- _PROBLEM REQUIREMENTS_: Going down the data below, set down exactly the line with "Some of the words" and each line after it through the line with "this 1474×1843 image."; no other lines.

─── DATA PROVIDED ───

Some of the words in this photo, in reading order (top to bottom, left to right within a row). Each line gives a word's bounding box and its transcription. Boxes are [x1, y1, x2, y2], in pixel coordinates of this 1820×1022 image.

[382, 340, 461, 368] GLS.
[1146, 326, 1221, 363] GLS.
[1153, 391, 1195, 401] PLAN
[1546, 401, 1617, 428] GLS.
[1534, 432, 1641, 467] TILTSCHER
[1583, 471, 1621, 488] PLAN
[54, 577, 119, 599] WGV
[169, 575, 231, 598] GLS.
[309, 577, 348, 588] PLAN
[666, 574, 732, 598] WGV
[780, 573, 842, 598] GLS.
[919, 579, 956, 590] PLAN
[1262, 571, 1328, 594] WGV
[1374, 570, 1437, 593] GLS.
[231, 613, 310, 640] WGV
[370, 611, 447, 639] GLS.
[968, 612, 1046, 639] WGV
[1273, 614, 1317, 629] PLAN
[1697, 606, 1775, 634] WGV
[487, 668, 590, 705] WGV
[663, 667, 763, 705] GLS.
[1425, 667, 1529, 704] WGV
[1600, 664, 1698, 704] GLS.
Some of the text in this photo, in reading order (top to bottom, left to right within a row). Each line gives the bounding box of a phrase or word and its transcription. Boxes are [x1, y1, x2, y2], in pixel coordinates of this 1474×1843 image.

───
─── DATA PROVIDED ───

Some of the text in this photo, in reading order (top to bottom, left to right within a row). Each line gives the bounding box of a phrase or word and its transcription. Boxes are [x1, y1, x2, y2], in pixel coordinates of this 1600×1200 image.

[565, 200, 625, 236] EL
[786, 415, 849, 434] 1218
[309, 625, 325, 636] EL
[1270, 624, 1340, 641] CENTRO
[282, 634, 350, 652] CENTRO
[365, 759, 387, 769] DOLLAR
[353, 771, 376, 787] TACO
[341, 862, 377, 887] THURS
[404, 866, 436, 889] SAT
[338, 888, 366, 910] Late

───

- _RESULT OF THE TASK_:
Some of the words in this photo, in reading order (top to bottom, left to right within a row). Each line gives a word's bounding box and its transcription. Boxes are [x1, y1, x2, y2], in pixel coordinates of this 1820×1022 image.

[382, 340, 461, 368] GLS.
[1146, 326, 1221, 363] GLS.
[1153, 391, 1195, 401] PLAN
[1546, 401, 1617, 428] GLS.
[1534, 432, 1641, 467] TILTSCHER
[1583, 471, 1621, 488] PLAN
[54, 577, 119, 599] WGV
[169, 575, 231, 598] GLS.
[309, 577, 348, 588] PLAN
[666, 574, 732, 598] WGV
[780, 573, 842, 598] GLS.
[919, 579, 956, 590] PLAN
[1262, 571, 1328, 594] WGV
[1374, 570, 1437, 593] GLS.
[231, 613, 310, 640] WGV
[370, 611, 447, 639] GLS.
[968, 612, 1046, 639] WGV
[1273, 614, 1317, 629] PLAN
[1697, 606, 1775, 634] WGV
[487, 668, 590, 705] WGV
[663, 667, 763, 705] GLS.
[1425, 667, 1529, 704] WGV
[1600, 664, 1698, 704] GLS.
Some of the text in this photo, in reading order (top to bottom, left to right within a row). Each line gives the bounding box of a phrase or word and its transcription. Boxes are [x1, y1, x2, y2], in pixel coordinates of this 1474×1843 image.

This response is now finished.